He conocido hace días a una persona excepcional. Me confesó, con su punto de lógico orgullo porque el caso es raro, que no había dado jamás una conferencia. "Ahora las llaman presentaciones, como en inglés por supuesto": "pues ni una presentación ni una conferencia".

Creí estar hablando con un extraterrestre o con alguien con rudimentarios conocimientos de lectura y escritura, pero no era el caso: se trataba de un graduado universitario con una vida profesional digna y fecunda. ¿No ha hablado usted ni siquiera de gastronomía, de la forma de confeccionar las migas extremeñas? De nada, amigo, nunca me he subido a una tribuna a dar la paliza a mis semejantes. Pero -le pregunté- ¿es una promesa que hace por el favor de haber sanado de una enfermedad amenazadora? En absoluto, me contestó, estoy perfectamente sano y aunque agradezco a la divina providencia mi estado de salud jamás la he obtenido a cambio de compromisos más o menos estrambóticos.

Quiere explicarme, insistí, a qué se debe esta actitud suya. ¿Tiene usted dificultades fisiológicas, a la hora de salivar por ejemplo?, ¿enrojecen sus orejas al verse ante oyentes expectantes o proclives a expectorar?, ¿carraspea, tose o esputa en el trance? No lo sé, me contestó con toda lógica, porque jamás lo he experimentado. ¿Y no ha recibido nunca la oferta de dar una conferencia o "presentación" si queremos usar el estulto lenguaje moderno? Muchas, no hay mes en el que mi empresa -soy del ramo de la tecnología avanzada- no me ofrezca la posibilidad de subir a una tarima o la de hacer un viaje que incluye tarima, micrófono y vaso de agua más público previamente apalabrado.

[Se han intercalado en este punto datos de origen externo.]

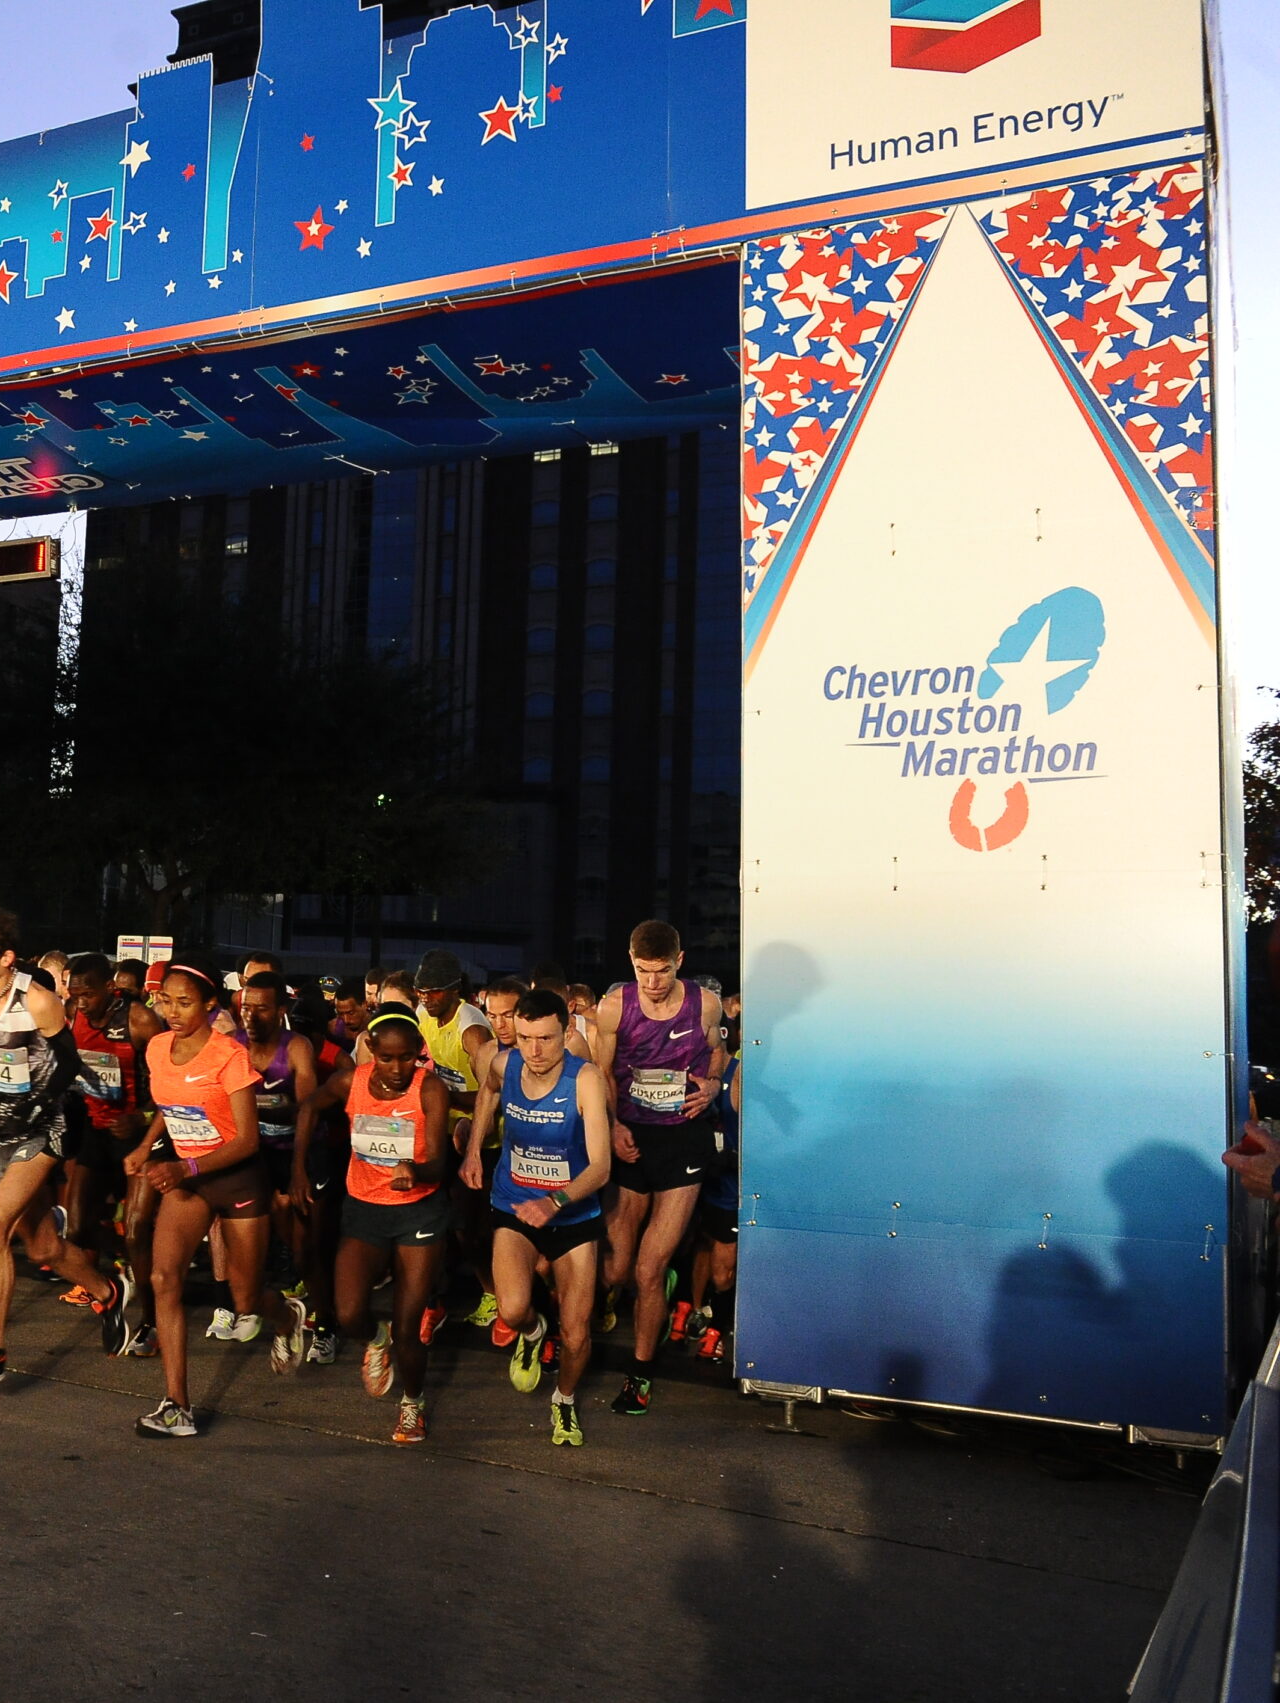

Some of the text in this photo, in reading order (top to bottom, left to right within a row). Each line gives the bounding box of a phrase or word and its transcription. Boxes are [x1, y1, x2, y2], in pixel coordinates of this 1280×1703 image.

¿Se trata, pues, de una manía? No, querido amigo, me respondió. Se trata de un voto. De la misma manera que hay votos de pobreza, de castidad o de obediencia en el mundo monacal, en el mundo mundano existe el voto de la no conferencia, de quien profesa observar de por vida la honrada costumbre de no molestar al vecino subido a un estrado. Hoy existen partidos políticos con los más insólitos fines, pues bien -continuó mi interlocutor- no existe ninguno que acoja a estas personas beneméritas de las que le estoy hablando. Y, sin embargo, ya somos un montón quienes hemos prometido observar este voto y estamos a punto de constituir la asociación de "no conferenciantes sin fronteras" y así estaremos juntos los que no hemos dado jamás una conferencia. Unidos simplemente por el respeto al prójimo.

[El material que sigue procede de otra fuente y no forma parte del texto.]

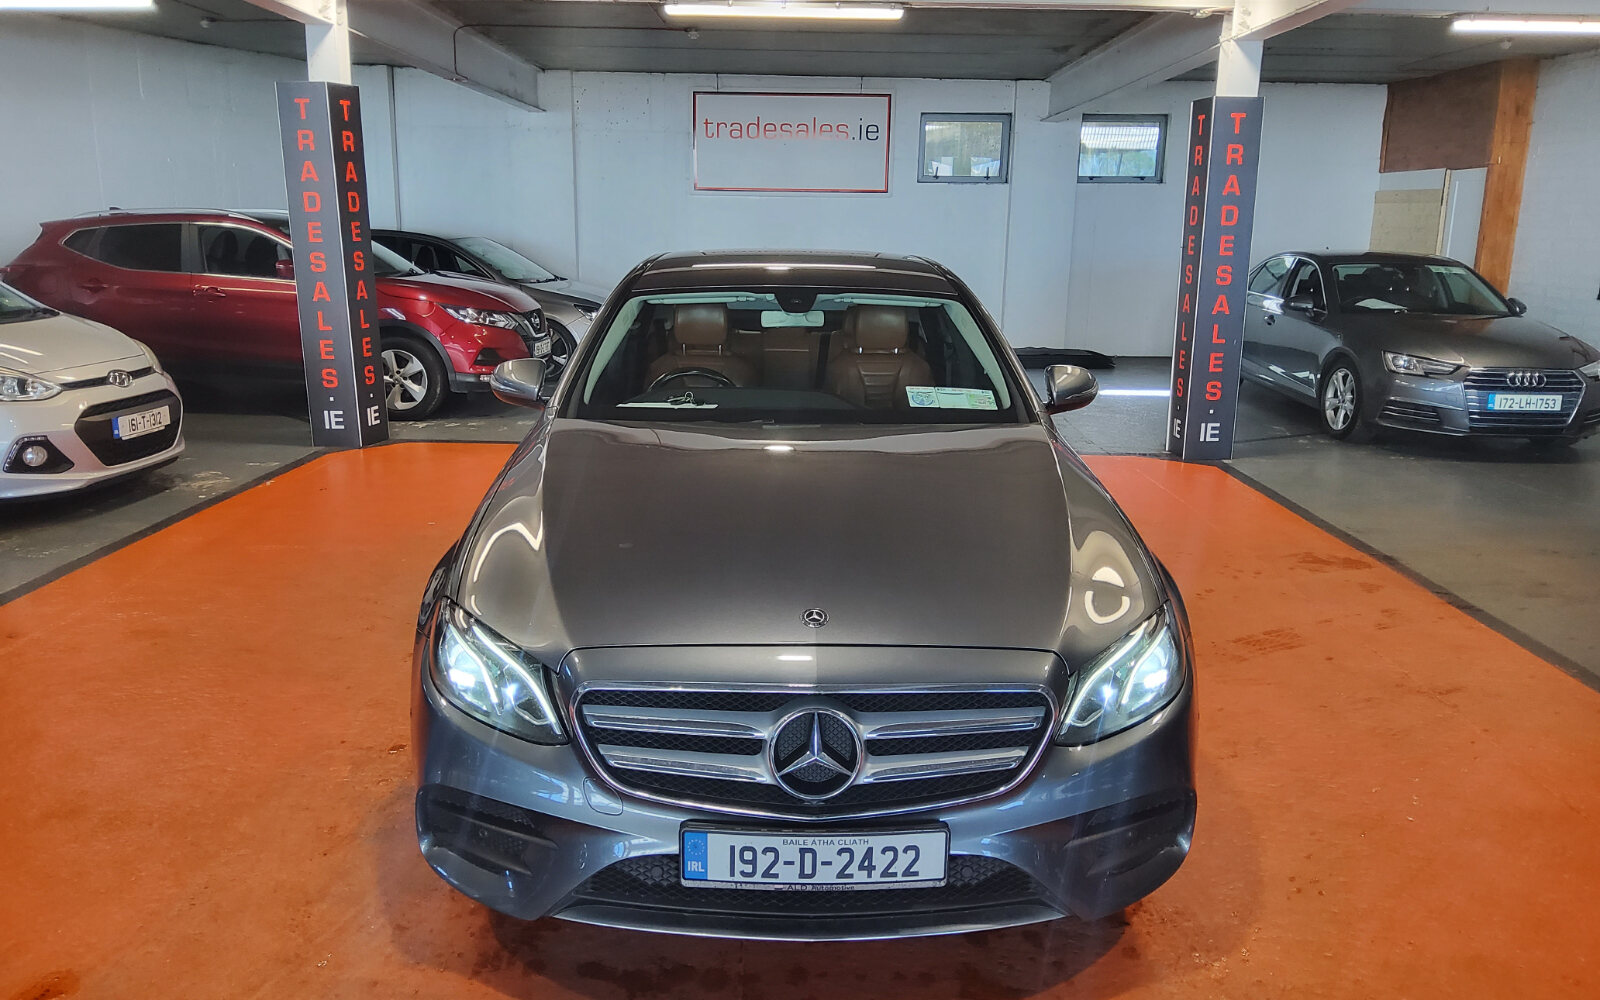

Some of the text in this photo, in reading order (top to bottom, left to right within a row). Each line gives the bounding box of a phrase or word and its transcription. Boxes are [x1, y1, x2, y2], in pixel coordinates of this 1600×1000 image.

¿Y tampoco las daría asistido por diapositivas o transparencias? Eso -se indignó- es la chuleta de los malos estudiantes. Es el truco que usan quienes no se saben su conferencia. Abominable.

¿Y acudir a ellas como conferenciado?, me atreví a inquirir. Tampoco, si no queremos darlas, menos querremos que nos las den. Para nosotros sobran esos avisos del ABC convocando a las decenas de conferencias que se dan en Madrid y aun en provincias todas las tardes. Hay gente que anhela salir en uno de esos anuncios como otros se pirrian por estar en una esquela de un periódico de postín exhibiendo su título nobiliario e incluso piensan que sólo por eso merece la pena morirse.

Se trata -añadió mi singular interlocutor- de poner fin a la gárrula locuacidad, de suprimir, en nuestra forma de comunicarnos, lo superfluo. Esto es lo que nos hemos propuesto para eliminar del mundo una de las formas de tabarra que más desequilibrios causan. Nos lo dejó dicho Juan de Mairena: "Son muy pocos en el mundo los que pueden hablar y menos todavía los que logran hacerse oír".

Y al recordar estas palabras, me miró fijamente con sus ojos de visionario de un futuro risueño que es y me dijo: por cierto, ¿no le gustaría a usted asistir esta tarde a la conferencia que doy en el Ateneo sobre el exterminio de la conferencia?